The Commission has three goals.

  1. Profile: To make the catastrophe of “third bucket” children seen and understood as the co-primary catastrophe of the pandemic period, alongside the public health and economic catastrophes – that is, to bring acute awareness to the fact and consequences of hundreds of millions of children, in scores of countries around the world, ousted from all forms of schooling due to the Covid-19 pandemic (and other destabilizing events nationally and internationally).
  2. Find the Kids: To encourage competent national, regional/provincial/state and local authorities, as well as school boards and schools themselves, to comprehensively survey and audit all cases of children (elementary and secondary levels) ousted from school.
  3. Reintegrate the Kids into Schooling: To urge all national, regional/provincial/state and local authorities to develop and implement strategies to reintegrate these ousted children into formal schooling with the greatest possible speed.
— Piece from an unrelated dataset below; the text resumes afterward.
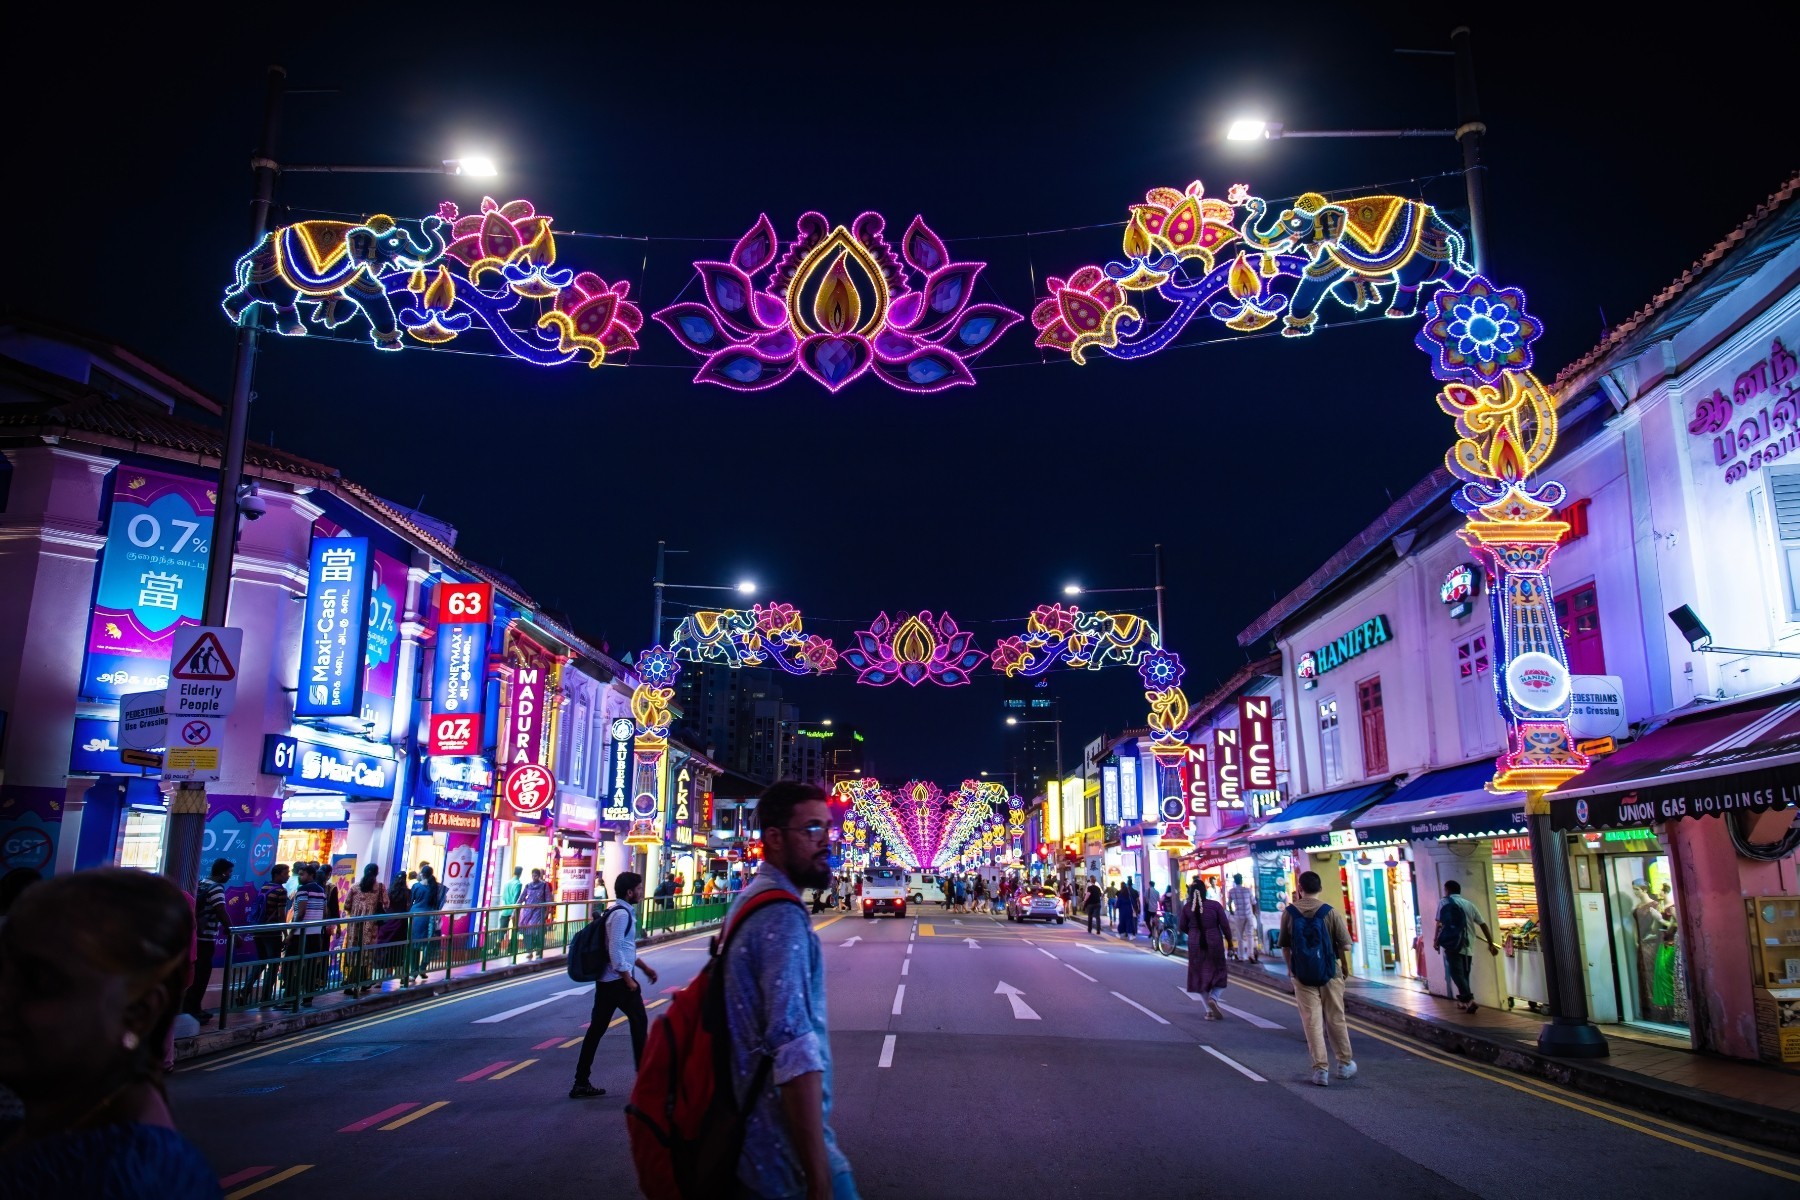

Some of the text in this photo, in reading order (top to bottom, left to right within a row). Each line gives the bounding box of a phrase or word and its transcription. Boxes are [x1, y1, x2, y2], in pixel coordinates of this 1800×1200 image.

The Commission is strictly apolitical and non-ideological. It does not get involved in the internal affairs of countries it brings to the table. Grosso modo, the three principles driving the Commission’s work are as follows:

  1. Schooling is a Must to Survive and Succeed in the Post-Pandemic World: All children must be schooled to survive and succeed in the post-pandemic world.
  2. Strict Non-Interference: The Commission does not interfere in national, regional or local matters at all (including in federal countries wherein education is typically and primarily a state or provincial responsibility). We only bring awareness and provide framing support and advice.
  3. Agnosticism on the Content of Education: The Commission is agnostic on the “content” of education – that is, we are interested in the “fact” of education (as opposed to non-education), with obvious general encouragement of “quality” and even “excellence” as key for children’s survival and success in the post-pandemic world.

 

This last principle of agnosticism in respect of the “content” must be nuanced somewhat. For as we get into the “reintegration” of kids into schooling (third goal of the Commission), we cannot, as mentioned above, ignore that the “demand-side” proposition for these students must be reasonably attractive and indeed “sticky” – that is, they must return to a schooling environment or situation that does not issue before long in a new round of ouster (this time even possibly for different reasons that the first time). Will they return to physical (classical) school? Virtual school? Some species of hybrid schooling? A transitional or new type of schooling institution? Some new form of credentialing?

How do we ensure the student is not disappointed or betrayed upon his/her return? What does catch-up look like (even if it required a short, intensive period of study)? What reception does the student get from teachers? From his/her peers?

Bref, this means that there must be a deliberate choreography along the spectrum of activities beginning with “finding” (through ministries, school boards/districts, schools, communities, sports clubs, supported by top-line messaging and awareness campaigns through media and leaders), continuing to “reintegrating” and, finally, “keeping them in the system”. If the reasons for ouster from schooling span the entire spectrum of human considerations – rational, esoteric, tragic and comical alike – then the choreography must account this very human variety of circumstances, psychologies and calculations, including within countries and within regions of countries. (As some members of the Commission have already advised: “context matters”: primary vs. secondary school students; urban vs. rural; language, culture, Indigeneity, and so on…) And this means that the task before us is exceedingly human, requiring data and machineries of government, to be sure, but otherwise demanding real human intelligence, relationships and connection, mentorship and very classical on-the-ground outreach, mobilization, persuasion and invitation.

If no one is looking for the kids, and no one is inviting, no result can be obtained. Now, we scale. Onward to our work.

My next blogs will treat some of the Commission learnings and proposals for “finding”, “reintegrating” and “keeping in school” the “third bucket kids” around the world, in all their variety and, yes, in all their humanity.